Your instructions => Output the listing exactly, leaving out no line.
*****
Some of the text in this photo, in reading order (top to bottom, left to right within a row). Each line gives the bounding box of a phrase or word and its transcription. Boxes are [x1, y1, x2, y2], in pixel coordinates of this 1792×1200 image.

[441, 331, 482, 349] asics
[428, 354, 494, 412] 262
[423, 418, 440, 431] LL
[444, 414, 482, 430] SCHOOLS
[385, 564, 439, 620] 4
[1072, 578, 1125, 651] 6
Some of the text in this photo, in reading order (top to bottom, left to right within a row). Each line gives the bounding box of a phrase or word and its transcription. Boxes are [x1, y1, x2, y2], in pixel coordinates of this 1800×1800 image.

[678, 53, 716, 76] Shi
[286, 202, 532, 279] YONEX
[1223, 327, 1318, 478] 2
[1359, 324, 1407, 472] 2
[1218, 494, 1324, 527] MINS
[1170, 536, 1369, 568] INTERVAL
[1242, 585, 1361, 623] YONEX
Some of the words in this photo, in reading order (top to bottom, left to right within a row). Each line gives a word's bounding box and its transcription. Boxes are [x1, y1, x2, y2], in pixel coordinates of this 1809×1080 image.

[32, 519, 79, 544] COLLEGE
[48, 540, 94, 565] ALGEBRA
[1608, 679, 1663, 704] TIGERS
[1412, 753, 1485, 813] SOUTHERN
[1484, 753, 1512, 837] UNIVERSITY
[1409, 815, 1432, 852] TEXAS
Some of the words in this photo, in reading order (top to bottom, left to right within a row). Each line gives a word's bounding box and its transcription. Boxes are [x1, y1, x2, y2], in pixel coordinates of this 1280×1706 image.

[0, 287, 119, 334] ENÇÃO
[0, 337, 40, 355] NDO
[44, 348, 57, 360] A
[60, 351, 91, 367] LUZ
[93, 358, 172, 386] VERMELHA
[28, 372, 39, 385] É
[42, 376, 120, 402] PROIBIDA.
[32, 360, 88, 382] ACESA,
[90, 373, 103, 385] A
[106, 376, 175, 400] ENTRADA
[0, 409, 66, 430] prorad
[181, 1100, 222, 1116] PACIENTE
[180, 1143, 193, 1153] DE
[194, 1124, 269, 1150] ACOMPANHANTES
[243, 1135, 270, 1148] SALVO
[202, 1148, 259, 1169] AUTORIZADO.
*****
Expected answer =>
Some of the text in this photo, in reading order (top to bottom, left to right within a row). Each line gives the bounding box of a phrase or word and its transcription. Boxes are [x1, y1, x2, y2], in pixel coordinates of this 1792×1200 image.

[441, 331, 482, 349] asics
[428, 354, 494, 412] 262
[423, 418, 440, 431] LL
[444, 414, 482, 430] SCHOOLS
[385, 564, 439, 620] 4
[1072, 578, 1125, 651] 6
Some of the text in this photo, in reading order (top to bottom, left to right within a row). Each line gives the bounding box of a phrase or word and its transcription. Boxes are [x1, y1, x2, y2], in pixel coordinates of this 1800×1800 image.

[678, 53, 716, 76] Shi
[286, 202, 532, 279] YONEX
[1223, 327, 1318, 478] 2
[1359, 324, 1407, 472] 2
[1218, 494, 1324, 527] MINS
[1170, 536, 1369, 568] INTERVAL
[1242, 585, 1361, 623] YONEX
Some of the words in this photo, in reading order (top to bottom, left to right within a row). Each line gives a word's bounding box and its transcription. Boxes are [x1, y1, x2, y2], in pixel coordinates of this 1809×1080 image.

[32, 519, 79, 544] COLLEGE
[48, 540, 94, 565] ALGEBRA
[1608, 679, 1663, 704] TIGERS
[1412, 753, 1485, 813] SOUTHERN
[1484, 753, 1512, 837] UNIVERSITY
[1409, 815, 1432, 852] TEXAS
Some of the words in this photo, in reading order (top to bottom, left to right within a row). Each line gives a word's bounding box and its transcription. Boxes are [x1, y1, x2, y2], in pixel coordinates of this 1280×1706 image.

[0, 287, 119, 334] ENÇÃO
[0, 337, 40, 355] NDO
[44, 348, 57, 360] A
[60, 351, 91, 367] LUZ
[93, 358, 172, 386] VERMELHA
[28, 372, 39, 385] É
[42, 376, 120, 402] PROIBIDA.
[32, 360, 88, 382] ACESA,
[90, 373, 103, 385] A
[106, 376, 175, 400] ENTRADA
[0, 409, 66, 430] prorad
[181, 1100, 222, 1116] PACIENTE
[180, 1143, 193, 1153] DE
[194, 1124, 269, 1150] ACOMPANHANTES
[243, 1135, 270, 1148] SALVO
[202, 1148, 259, 1169] AUTORIZADO.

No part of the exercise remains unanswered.